Six months later, over spring break, I couldn't sleep. I stayed up late checking my Facebook messages. Someone I didn't know had invited me to join their group (this was in the olden days when Facebook groups were still new and novel). The group's name? Ellen Degeneres Rocks My Socks Off. While I wasn't sure the point of this group or why I had been invited to join it, Ellen Degeneres did, in fact, rock my socks off with her good-natured humor. I joined.
Browsing through the short list of other group members, my breath caught momentarily. There she was again, staring back at me from a thumbnail photo on the screen. Those same engaging eyes, the confident poise.
I had missed one chance, and I wasn't about to miss the second. I messaged her. Over Facebook. I messaged my love-at-first-sight over Facebook. I tried to sound witty. And not crazy. Less like a stalker than I felt. I tried to make it funny. If she was the person her eyes told me she was, she would understand.

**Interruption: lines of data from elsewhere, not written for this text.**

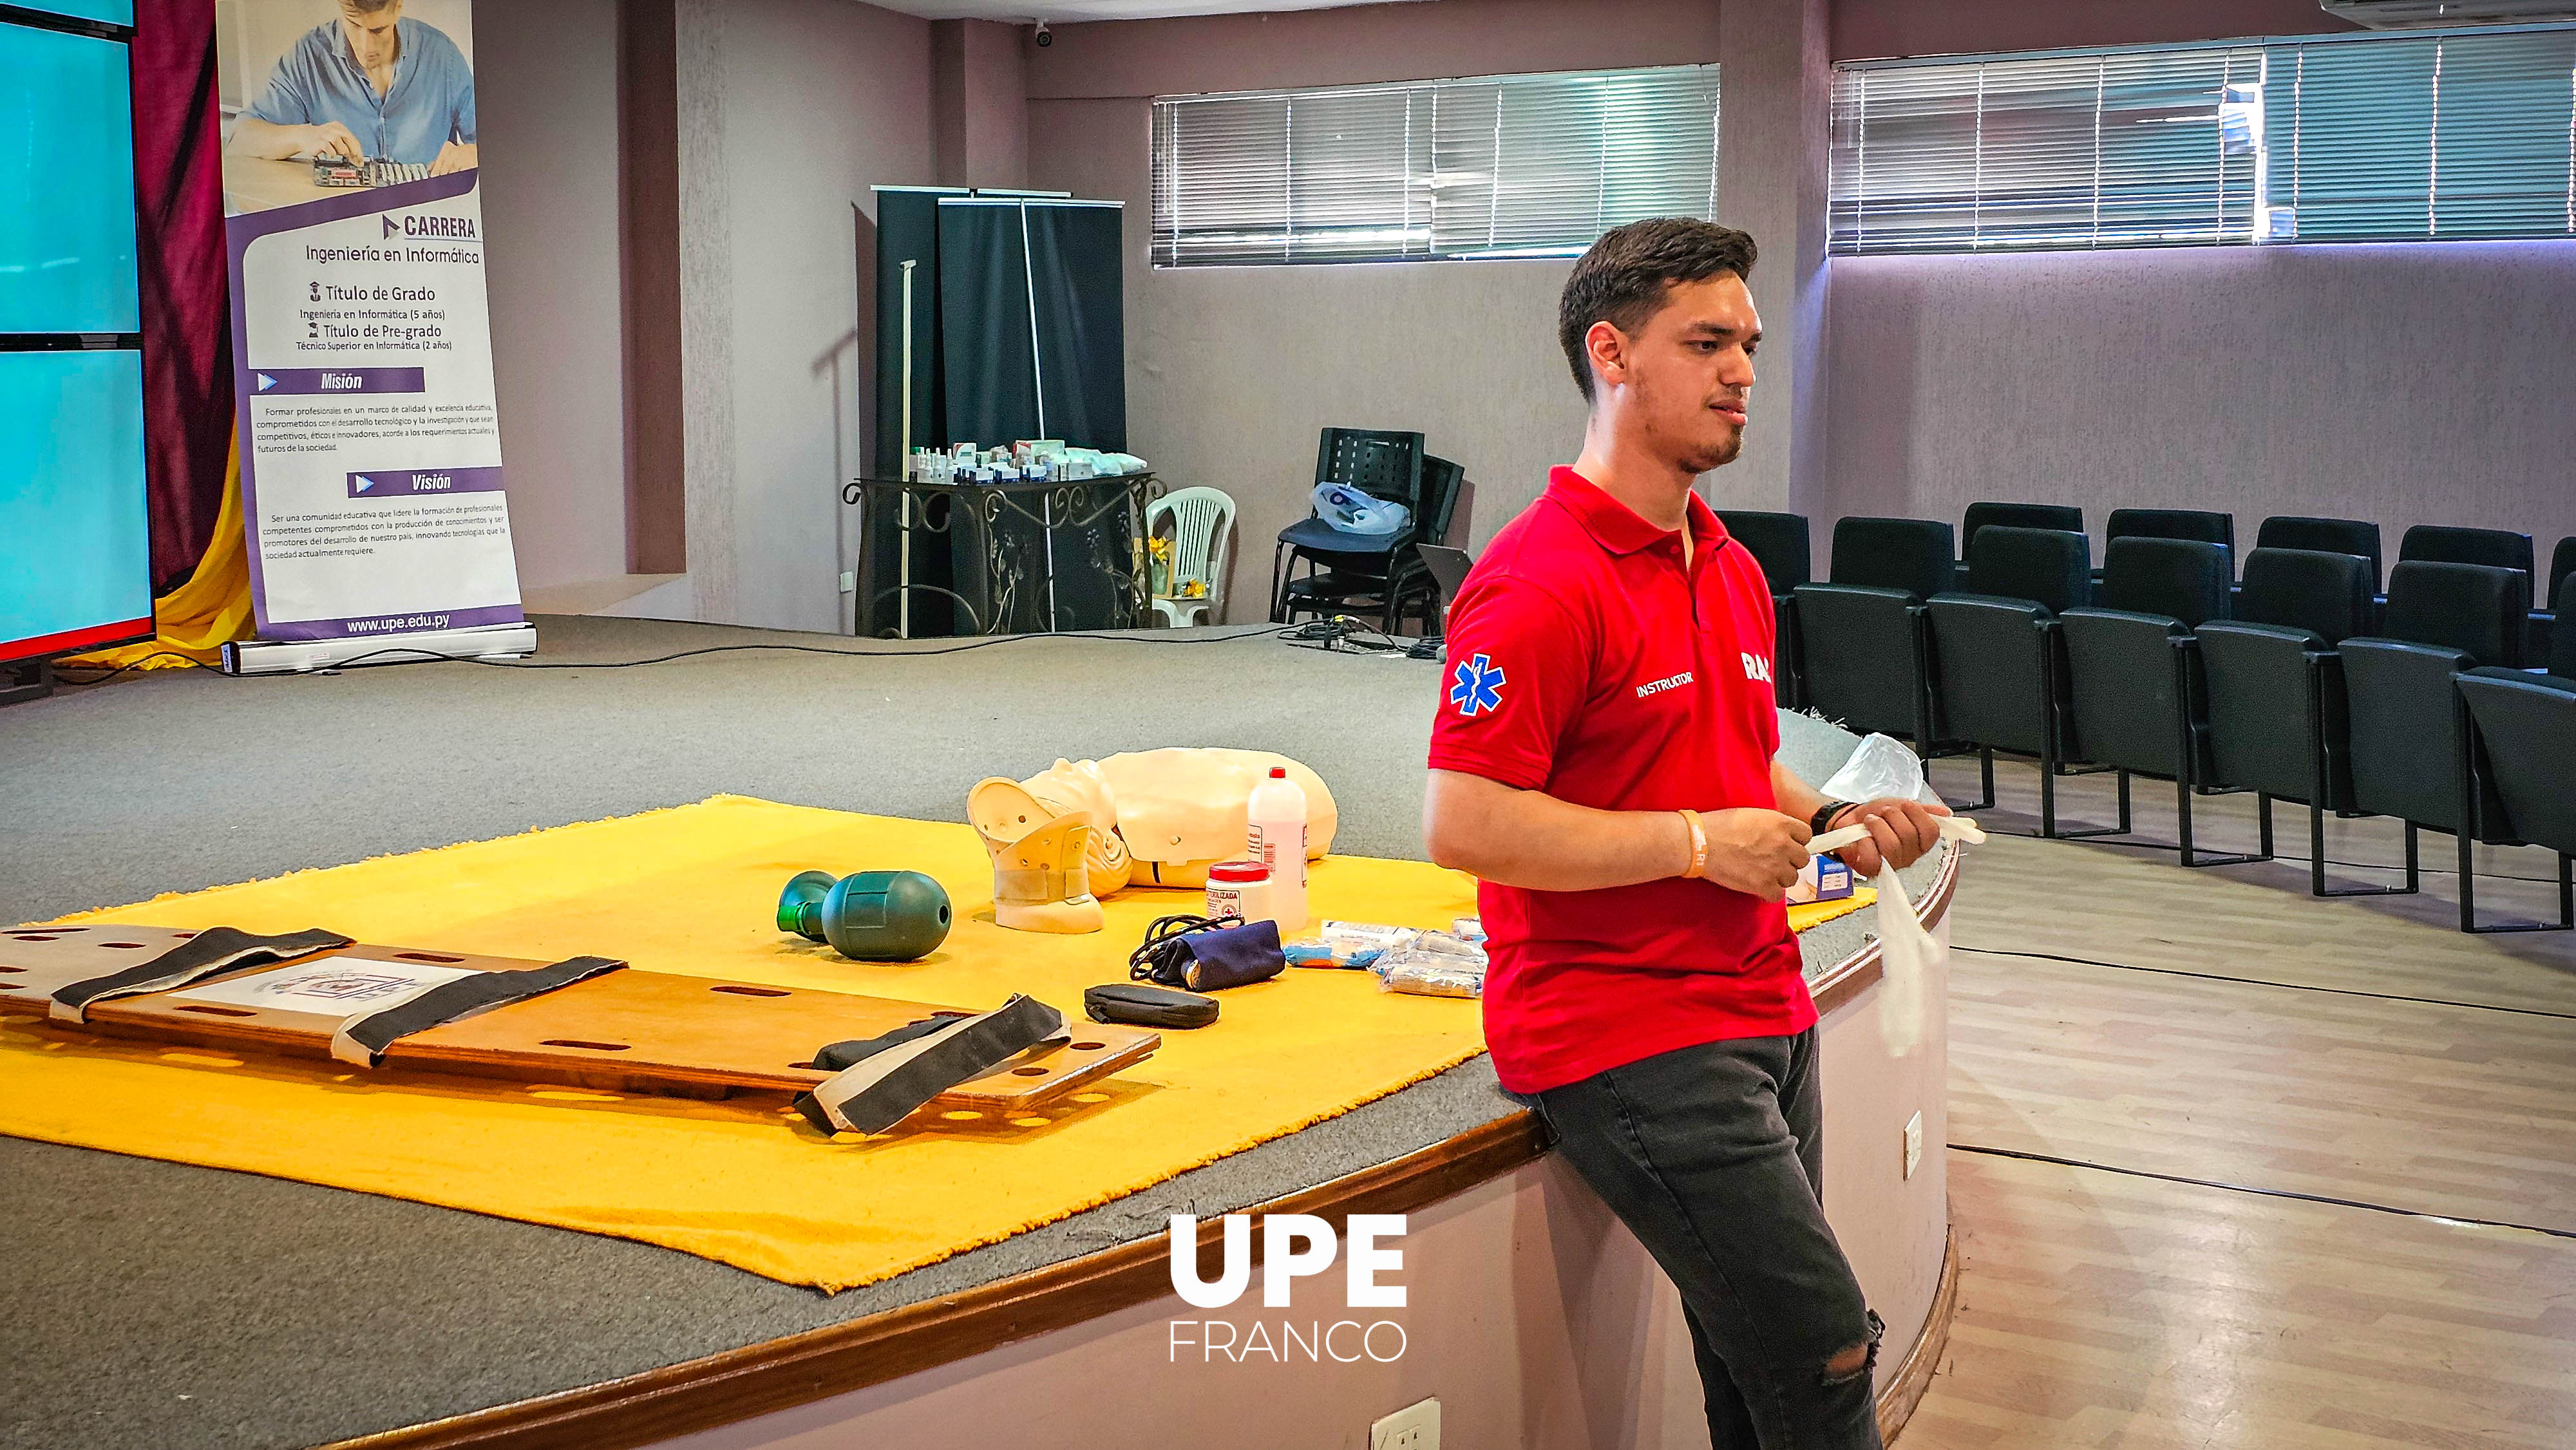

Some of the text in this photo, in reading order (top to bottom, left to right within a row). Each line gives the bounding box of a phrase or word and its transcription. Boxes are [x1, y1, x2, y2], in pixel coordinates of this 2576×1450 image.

[404, 215, 476, 238] CARRERA
[306, 245, 479, 264] Ingeniería en Informática
[326, 285, 435, 301] Título de Grado
[359, 309, 408, 319] Informática
[410, 309, 419, 321] (5
[422, 309, 445, 321] años)
[323, 325, 442, 341] Título de Pre-grado
[296, 341, 327, 350] Técnico
[327, 342, 361, 352] Superior
[376, 341, 420, 350] Informática
[422, 341, 430, 351] (2
[433, 341, 452, 351] años)
[321, 373, 363, 390] Misión
[297, 407, 341, 417] profesionales
[257, 419, 317, 429] comprometidos
[337, 418, 373, 426] desarrollo
[375, 417, 412, 426] tecnológico
[257, 432, 309, 441] competitivos,
[336, 430, 381, 439] innovadores,
[383, 429, 404, 437] acorde
[422, 428, 468, 437] requerimientos
[412, 473, 451, 491] Visión
[302, 513, 342, 522] comunidad
[343, 511, 377, 520] educativa
[422, 507, 455, 515] formación
[464, 505, 502, 514] profesionales
[263, 527, 312, 536] competentes
[315, 523, 369, 534] comprometidos
[395, 520, 433, 529] producción
[264, 538, 308, 548] promotores
[324, 536, 357, 545] desarrollo
[371, 534, 397, 542] nuestro
[416, 531, 451, 539] innovando
[265, 551, 298, 560] sociedad
[298, 549, 344, 558] actualmente
[348, 614, 450, 632] www.upe.edu.py
[1636, 672, 1694, 697] INSTRUCTOR

I got a message back the next day. She remembered me. Six months later, having simply sat across from me on a bus, she remembered me. She was amused by my attempts at witticism. She returned with funny quips of her own. I read her words, and I jumped up and down. In my dorm room, by myself, having just returned from a run across the Brooklyn Bridge, I sweatily jumped up and down in pure, unbridled joy.
I invited her to eat hummus with me on MacDougal street. Later, I found out that she had no idea what hummus was. We were both too nervous to eat much anyway. We walked around the East Village, falling deeper.
Over the next five years, we helped each other with papers. We cooked first meals for one another, and we introduced each other to friends and family. She moved me in and out of dorms. We flew back and forth across the country visiting each other. I took her on her first trip outside the U.S., and she took me to loads of Long Island weddings. We played pick-up sticks at first, then had Cranium parties. Finally, she introduced me to the speed Monopoly her family plays, and taught me chess. We bickered and laughed. Oh, goodness, did we laugh. More than I had laughed in all my life.
And then, last Saturday, with the Christmas tree up and carols playing in the background, she asked me to get hitched. To celebrate with her and invite the people we love to share our joy. I said yes. Unequivocally yes. Yes from here to infinity and back.
And so we'll celebrate. We'll keep on living our lives, laughing all the while, and we'll celebrate it all in a couple of years. At some point, we'll go to Massachusetts, or Connecticut, or wherever it's still legal, and get a government certificate. There's no rush. We have our lifetimes to keep on laughing, living joyfully and with abandon.
*So many thanks to Adriana, and all the other friends and family who have supported us and shared our excitement these past few days. It means more to me (and to Mary) than you know.